Rep. Suzan DelBene (D-Wash.) has introduced the Information Transparency and Personal Data Control Act, which would create a federal data privacy law enforced by the Federal Trade Commission. 

Also Read: Senate Commerce Tees Up Federal Privacy Bills

DelBene said a patchwork of different state laws only leads to confusion and that a national standard is necessary to create a uniform set of rights, something various legislators have been trying to do for years.

The FCC, under former Democratic chairman Tom Wheeler, passed privacy rules but Republicans in Congress nullified them.

The DelBene bill would require a user's consent (opt-in) for any collection, storage or sharing of sensitive personal information, and a user could opt out of that collection, storage and sharing of non-sensitive information as well. 

Other bill highlights:

1. Plain English: Requires companies to provide their privacy policies in "plain English." 

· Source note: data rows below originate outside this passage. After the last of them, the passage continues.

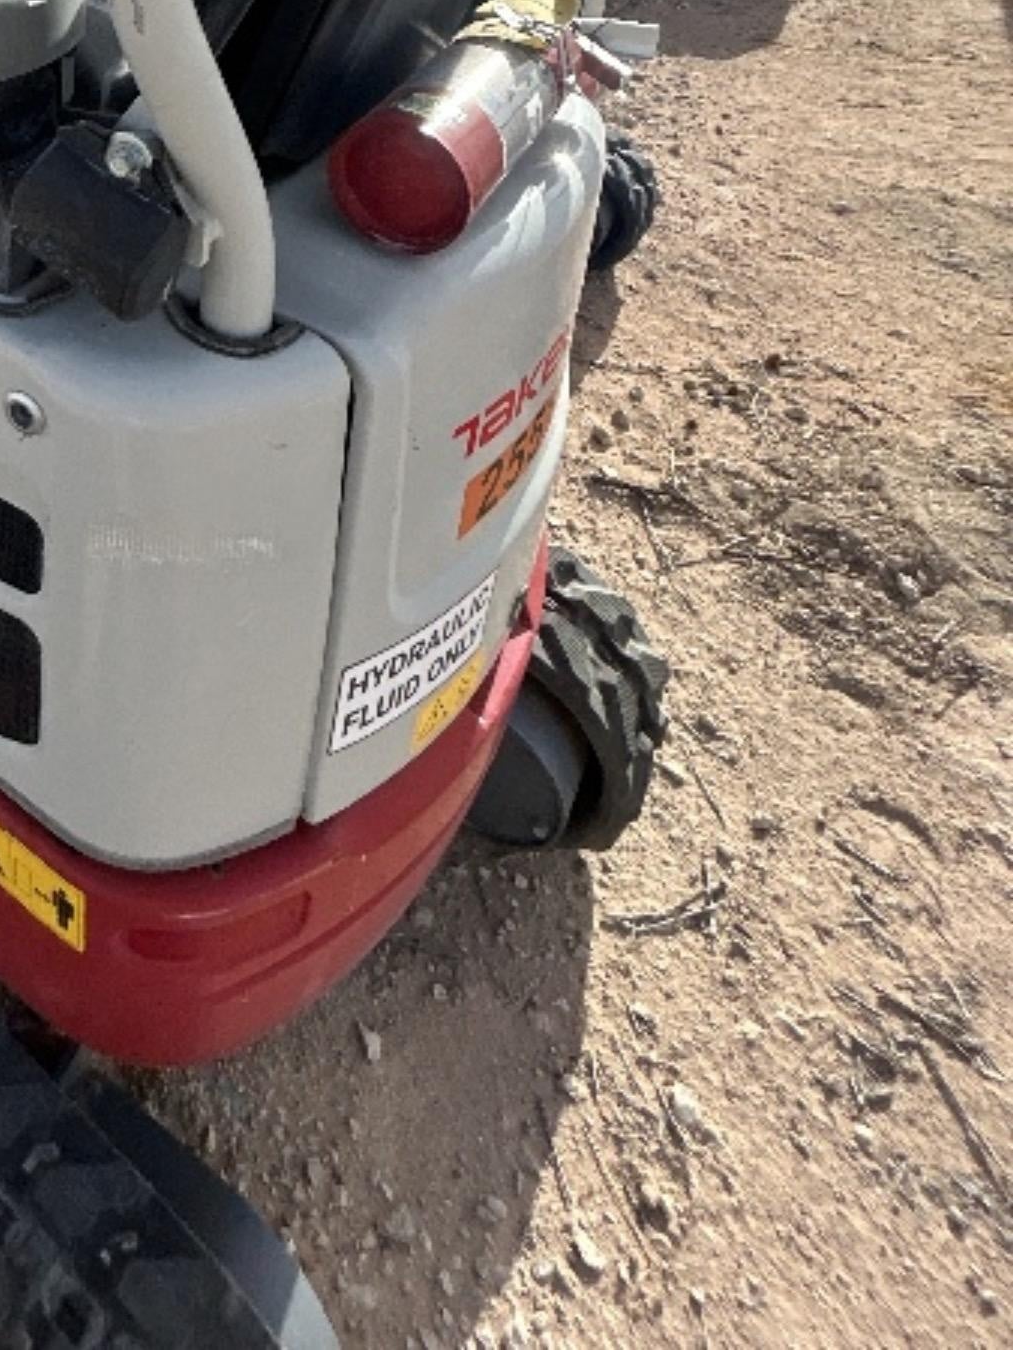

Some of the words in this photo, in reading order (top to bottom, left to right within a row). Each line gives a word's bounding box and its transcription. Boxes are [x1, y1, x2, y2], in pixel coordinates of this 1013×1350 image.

[341, 674, 421, 738] FLUID
[427, 618, 484, 683] ONLY
[347, 585, 491, 701] HYDRAULIC
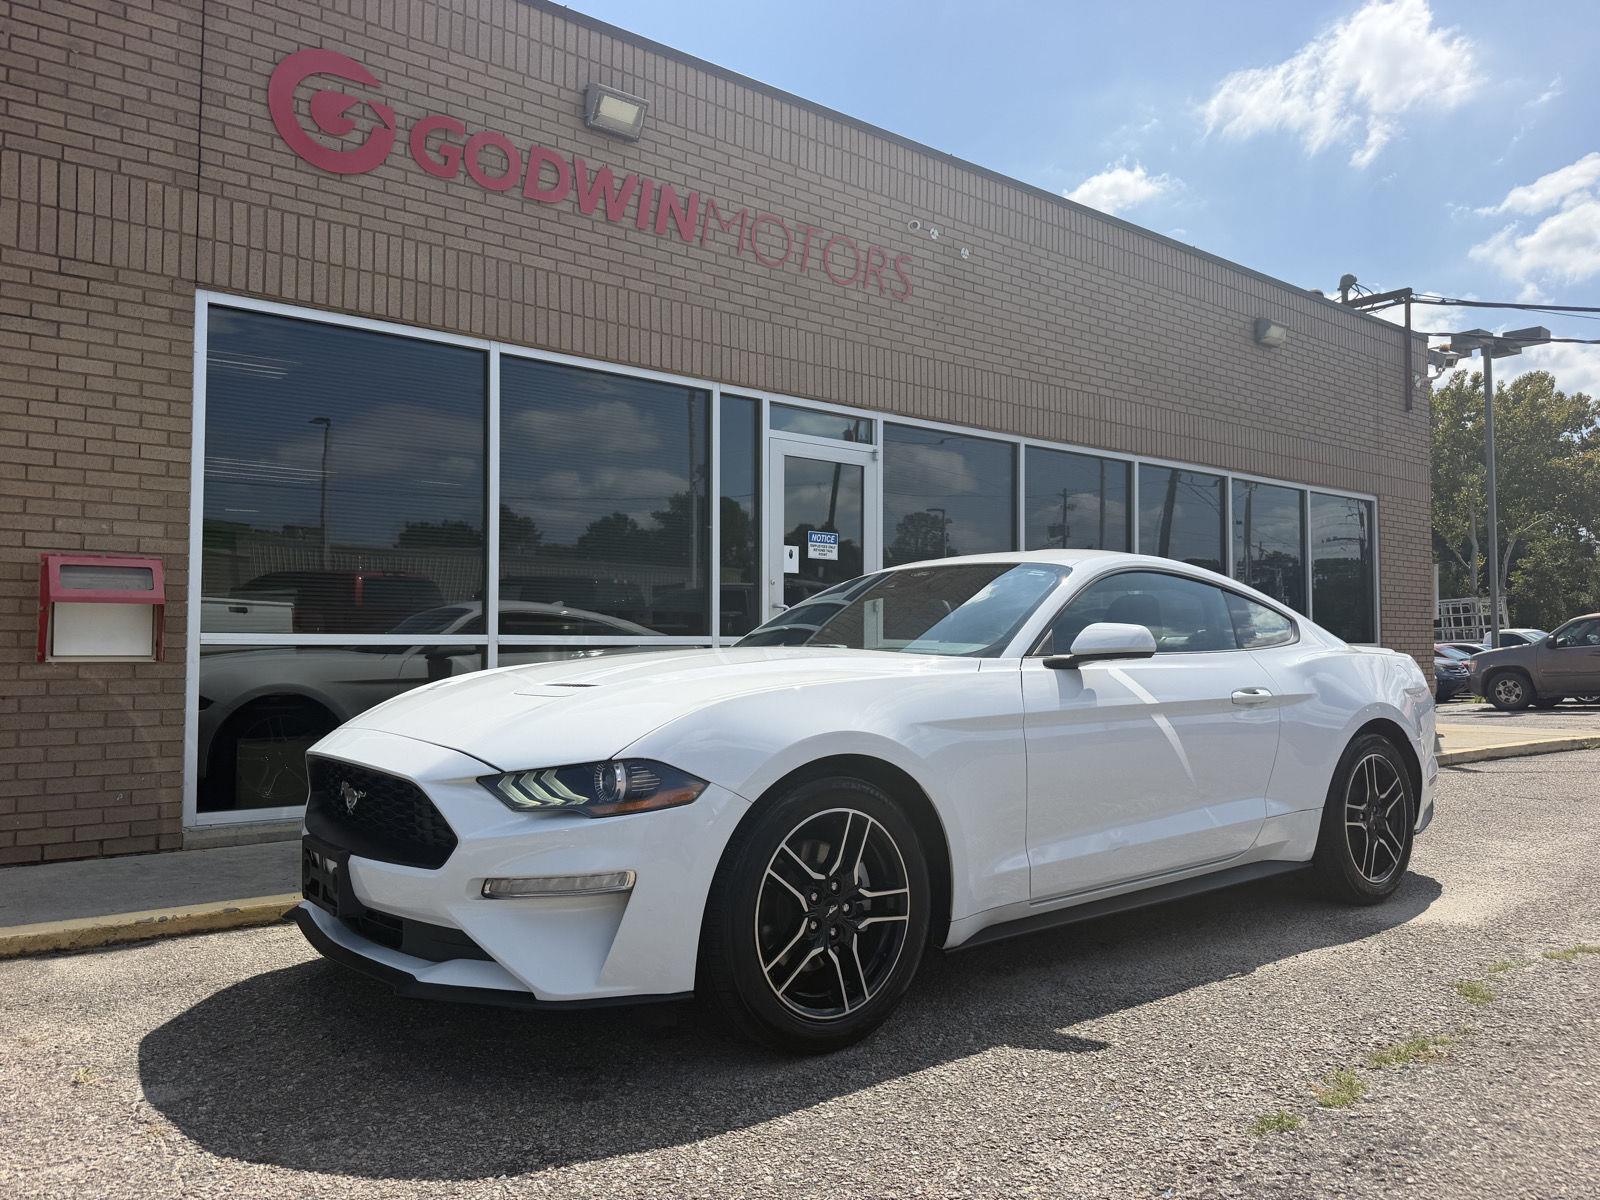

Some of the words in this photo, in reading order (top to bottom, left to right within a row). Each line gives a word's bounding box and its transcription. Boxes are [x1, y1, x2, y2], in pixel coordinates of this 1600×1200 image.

[409, 115, 699, 243] GODWIN
[700, 199, 914, 301] MOTORS
[811, 534, 836, 543] NOTICE

2. Disclosure: Increases transparency by requiring companies to disclose if and with whom their personal information will be shared and the purpose of sharing the information. 

3. Preemption: Creates a unified national standard and avoids a patchwork of different privacy standards by preempting conflicting state laws.

4. Enforcement: Gives the Federal Trade Commission (FTC) strong rulemaking authority to keep up with evolving digital trends and the ability to fine bad actors on the first offense. Empowers state attorneys general to also pursue violations if the FTC chooses not to act.

There would have to be at least a biennial third-party "privacy hygiene" audit of any party collecting or storing or sharing sensitive personal information, with a small business exemption from the audit for those collecting, storing, or sharing that information from 250,0000 or fewer individuals per year.

There would also be no opt-in requirement for the use of either sensitive or non-sensitive info to detect or prevent fraud, theft, other criminal activity; protecting the "vital interests" of a consumer; responding to a "valid legal process"; monitoring criminal activity if agreed to beforehand by the individual; protecting property against unauthorized access; advancing a substantial public interest including for archival or scientific or historical or public health reasons; authorized uses for credit reporting; completing a transaction to provide a good or service requested by a consumer; complying with federal, state or local laws; and conducting product recalls and servicing warranties.

Also Read: CCPA Enforcement Begins without Final Rules

The bill would give the Federal Trade Commission the authority to enforce the privacy laws irrespective of the limitations in the Federal Trade Commission Act on its authority over common carriers, to which the new law applies.